In North Carolina, public records are defined as “documents, papers, letters, maps, books, photographs, films, sound recordings, magnetic or other tapes, electronic data-processing records, artifacts, or other documentary material, regardless of physical form or characteristics.” Public records are further defined as the records of an agency of North Carolina government or its subdivisions, which means the records of every “public office, public officer or official (State or local, elected or appointed), institution, board, commission, bureau, council, department, authority or other unit of government of the State or of any county, unit, special district or other political subdivision of government.” That means all levels of government, including advisory boards, commissions, and ad hoc committees.
The definition of public records includes all records “made or received pursuant to law or ordinance in connection with the transaction of public business.” According to the North Carolina attorney general, this definition encompasses not just materials created by government entities and employees but also “materials written or made by private people or companies that are submitted to the government, regardless of whether those materials were required or requested by the government or whether they were sent to the government voluntarily at the private person’s initiative.” The N.C. Court of Appeals has affirmed this broad interpretation. Therefore, it is well settled that all records kept by a public official or agency in carrying out the agency’s lawful duties qualify as public records absent a specific exemption that prevents disclosure. The statutory phrase “made or received pursuant to law” clearly means records of all forms of transacting public business as opposed to purely private acts. The broad definition of public records also suggests that the law covers records relating to multi-state or regional bodies if North Carolina public officials are members.
What is a public agency?
The Public Records Law covers records relating to public business transacted by any agency of the state or its subdivisions. In 1981 the N.C. Court of Appeals relied on federal case law to define a public agency as “any administrative unit with substantial independent authority in the exercise of specific functions. Administrative entities that perform neither rule-making nor adjudicative duties also may be agencies. ‘The important consideration is whether [the administrative entity] has any authority in law to make decisions.’” The court applied that definition to the former Wake County Hospital System, a non-profit corporation that was originally established to provide medical care to the general public, and found the hospital to be a public agency subject to the Public Records Law. The court concluded that despite its private, non-profit status, it was so intertwined financially and administratively with county government that it qualified as a public agency. The county owned the hospital building and leased it to the hospital corporation for $1 per year, reviewed and approved the hospital’s annual budget, financed the hospital through county bond orders and approved the members of the hospital’s board of directors.

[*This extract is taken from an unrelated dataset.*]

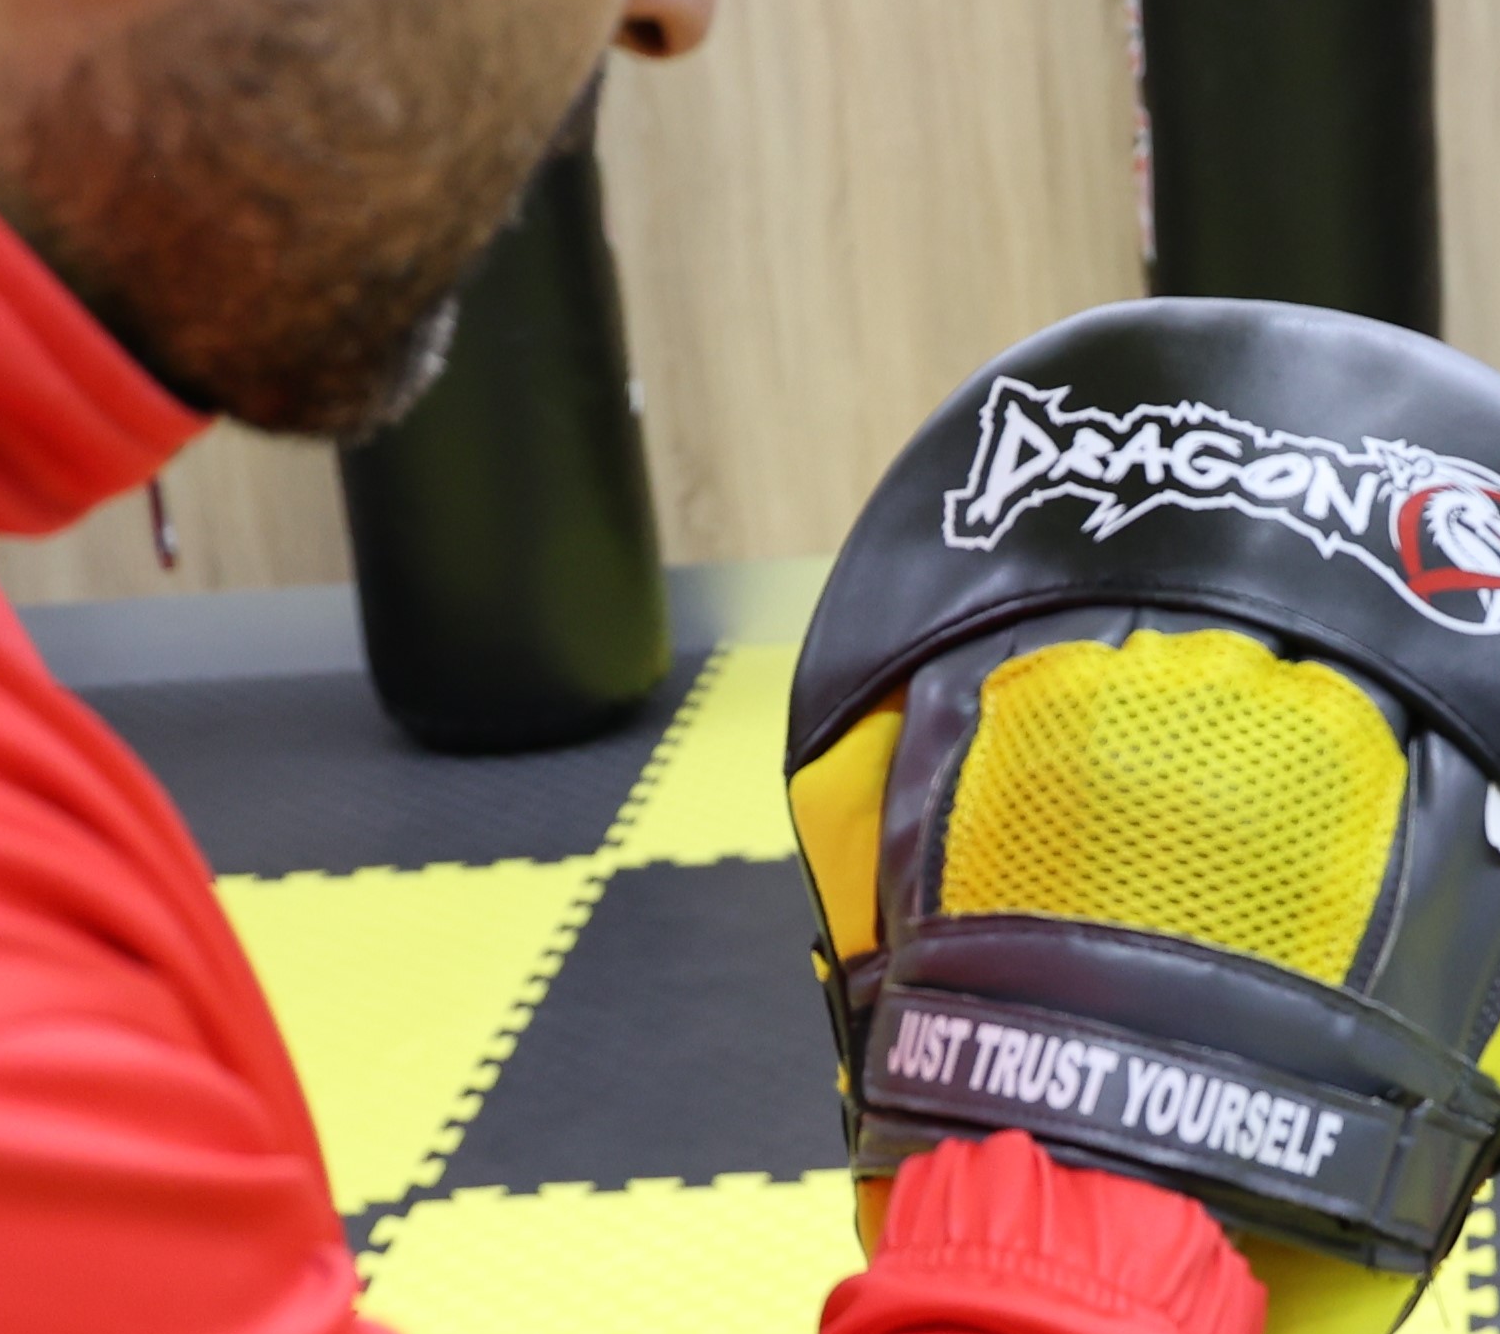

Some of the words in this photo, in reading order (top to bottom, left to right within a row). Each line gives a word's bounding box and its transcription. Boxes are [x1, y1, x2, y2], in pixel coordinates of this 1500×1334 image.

[964, 399, 1380, 536] DRAGON
[887, 1011, 972, 1085] JUST
[967, 1022, 1121, 1116] TRUST
[1120, 1056, 1345, 1179] YOURSELF

In 1999 the N.C. Court of Appeals ruled in another case that hinged in part on whether the telephone company MCI was a private entity or a public agency under the law. The court ruled that the common carrier utility was not a public agency under the law because the telephone company exercised sufficient authority over corporate business independently of the N.C. Utilities Commission’s regulatory control over the company. However, in 2004 the N.C. Court of Appeals noted strongly that “an entity’s stated purpose of performing a function that is of use to the general public, without more, is insufficient to make the Public Records Law applicable.” Whether an entity qualifies as an “agency” will depend on many factors, including the level of sovereign control the government exercises over the activities, resources, property, and decisions of the entity.

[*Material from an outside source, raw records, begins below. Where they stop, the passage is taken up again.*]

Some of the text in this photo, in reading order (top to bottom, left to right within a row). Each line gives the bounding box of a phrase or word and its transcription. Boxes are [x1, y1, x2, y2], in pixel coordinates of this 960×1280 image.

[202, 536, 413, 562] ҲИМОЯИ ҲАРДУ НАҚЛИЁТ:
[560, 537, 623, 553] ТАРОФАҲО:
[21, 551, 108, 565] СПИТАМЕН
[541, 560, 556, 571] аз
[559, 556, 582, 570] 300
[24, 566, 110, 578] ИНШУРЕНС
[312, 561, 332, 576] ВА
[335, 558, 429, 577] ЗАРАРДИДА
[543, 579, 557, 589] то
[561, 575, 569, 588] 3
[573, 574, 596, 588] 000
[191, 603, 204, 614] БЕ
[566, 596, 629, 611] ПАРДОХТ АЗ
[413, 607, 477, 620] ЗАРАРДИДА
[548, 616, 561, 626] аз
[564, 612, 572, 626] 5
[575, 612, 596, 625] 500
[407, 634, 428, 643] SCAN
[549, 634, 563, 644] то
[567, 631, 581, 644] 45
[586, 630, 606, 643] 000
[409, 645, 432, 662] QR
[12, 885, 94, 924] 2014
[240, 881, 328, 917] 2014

While “agency” is defined broadly, it does not automatically include nongovernmental organizations that receive public funds or benefits. In 1992 the Microelectronics Center of North Carolina (MCNC), a non-profit corporation created by the state and funded with more than $240 million in public money to foster the burgeoning tech industry, signed a consent judgment agreeing to comply with most of the provisions of the Public Records Law, but it did not admit being an agency bound by the Public Records Law. Environmental advocacy organizations also argued unsuccessfully that the North Carolina Railroad, a non-profit whose sole shareholder is the state of North Carolina, should be subject to the Public Records Law. The N.C. Railroad case is discussed later in this chapter (See Railroad records).